After all, even the most devout Christians have never been able to live by the universal love teaching of the Sermon on the Mount, as indicated by the bloody warfare depicted in the book of Revelation.
But, still, we can see some amazing moral progress--particularly, in liberal democratic societies--towards extended social cooperation based on tolerance, sympathy, and reciprocity.
I guess what I have in mind is this. You say that "the extended order of social cooperation is advantageous for us." I assume you mean that it is advantageous in a Darwinian sense, as in increasing probability of passing on ones genes. You also say that patriotism is good in a Darwinian sense because it increases the chances of surviving to pass on ones genes. So isn't the conclusion then that racism is good because it increases the chances of continuing the existence of ones racial genetic material? If not, then "good" means something other than is a effective Darwinian strategy for passing on ones genes. But this goes against your project to use Darwinism to promote a form of moral realism. "Good" would mean something like Kantian universalism, or maybe utilitarian impartiality and the like; in other words, theories of moral realism that have nothing to do with Darwinism, or are even anti-Darwinist if they forbid partiality in favor of those sharing genetic character, even if this partiality ("patriotism") is a good evolutionary survival strategy.

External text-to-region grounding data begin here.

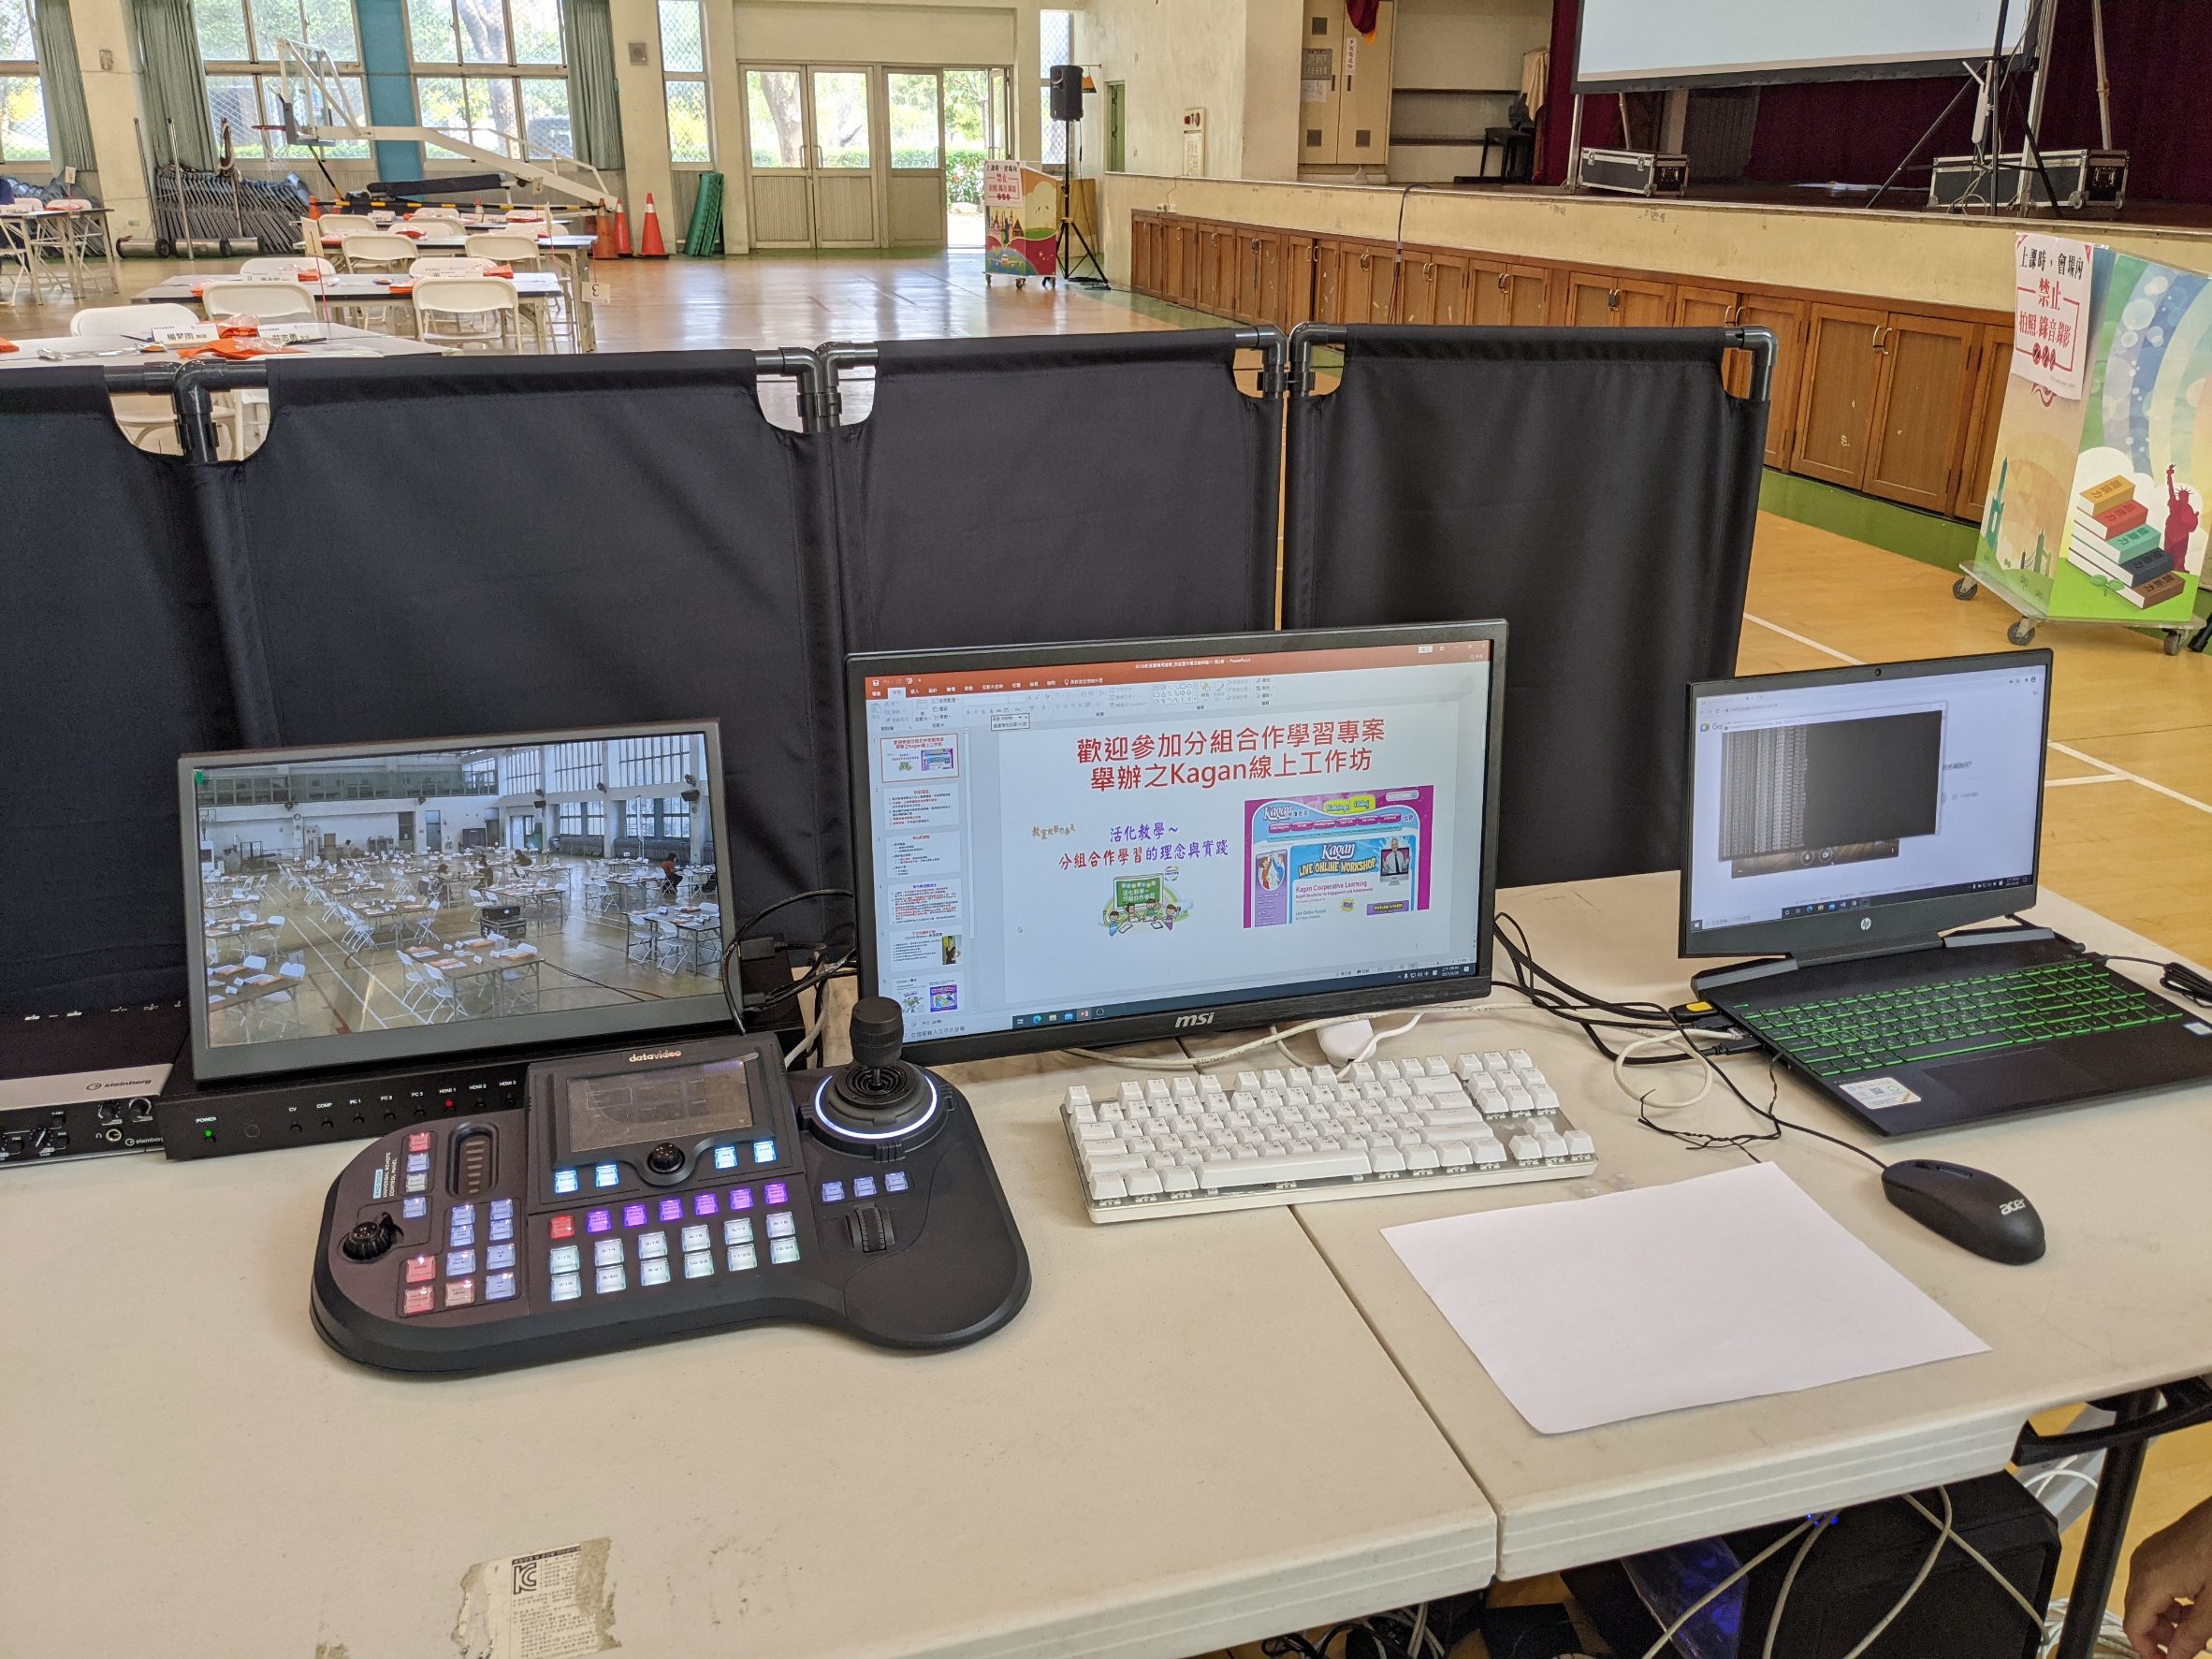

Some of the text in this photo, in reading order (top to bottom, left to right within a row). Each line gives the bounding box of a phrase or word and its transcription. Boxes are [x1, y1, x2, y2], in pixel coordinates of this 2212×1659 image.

[2038, 277, 2061, 311] 禁止
[1077, 717, 1385, 764] 歡迎參加分組合作學習專案
[1090, 748, 1372, 793] 舉辦之Kagan線上工作坊
[1263, 806, 1293, 821] Kagan
[1058, 838, 1229, 871] 分組合作學習的理念與實踐
[1320, 843, 1356, 860] Kagan
[1298, 856, 1376, 878] LIVE ONLINE WORKSHOP
[1296, 880, 1367, 894] Kagan Cooperative Learning
[1174, 1012, 1215, 1028] msi
[629, 1050, 682, 1062] datavideo
[104, 1079, 152, 1088] steinberg
[1999, 1199, 2026, 1215] acer
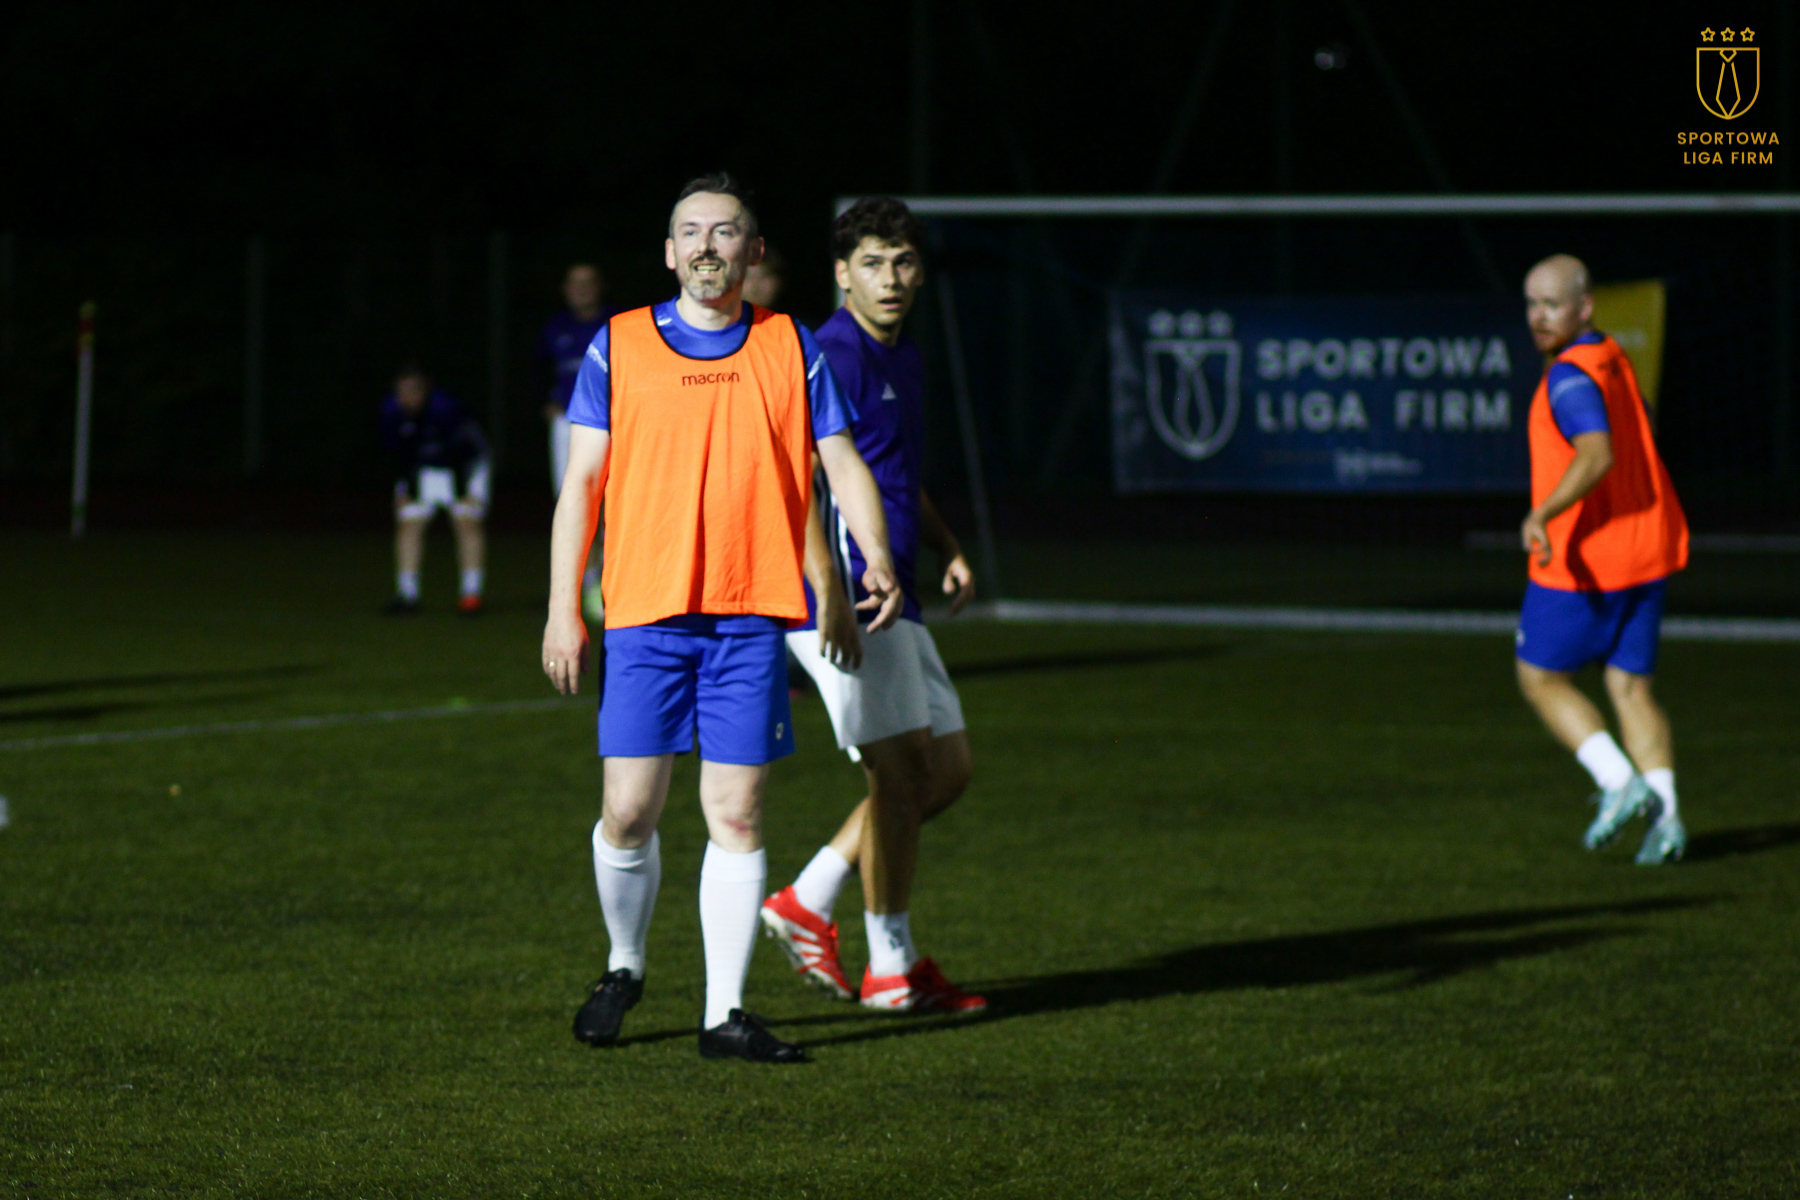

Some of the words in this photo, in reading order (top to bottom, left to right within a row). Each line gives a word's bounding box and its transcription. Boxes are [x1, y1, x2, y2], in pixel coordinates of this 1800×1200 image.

[682, 371, 740, 386] macron
[1256, 337, 1512, 380] SPORTOWA
[1257, 390, 1368, 431] LIGA
[1395, 390, 1511, 431] FIRM

A Darwinian view of morality does not require genetic reductionism, as you suggest.
The tradition of Darwinian ethics--from Darwin and Westermarck to E. O. Wilson and Jon Haidt--supports a view of ethics as rooted in a complex combination of genetic evolution, cultural evolution, and individual judgment. The ultimate standard of the human good is what promotes human flourishing or welfare.
The human capacities for moral experience--social instincts, language, cultural learning, intellectual judgment--must ultimately have been compatible with survival and reproduction in evolutionary history. But that does not mean that all of our moral concerns must be reducible to passing on our genes.
Our moral life is organized around the 20 natural desires that constitute human nature. Those natural desires are not directly reducible to genetic interests.
"Kantian universalism, or maybe utilitarian impartiality" doesn't work, because if we were utterly impartial, we wouldn't have any moral emotions to motivate us to care about anyone or anything. The recent talk among Kantian philosophers about the need for "impure ethics" concedes this point.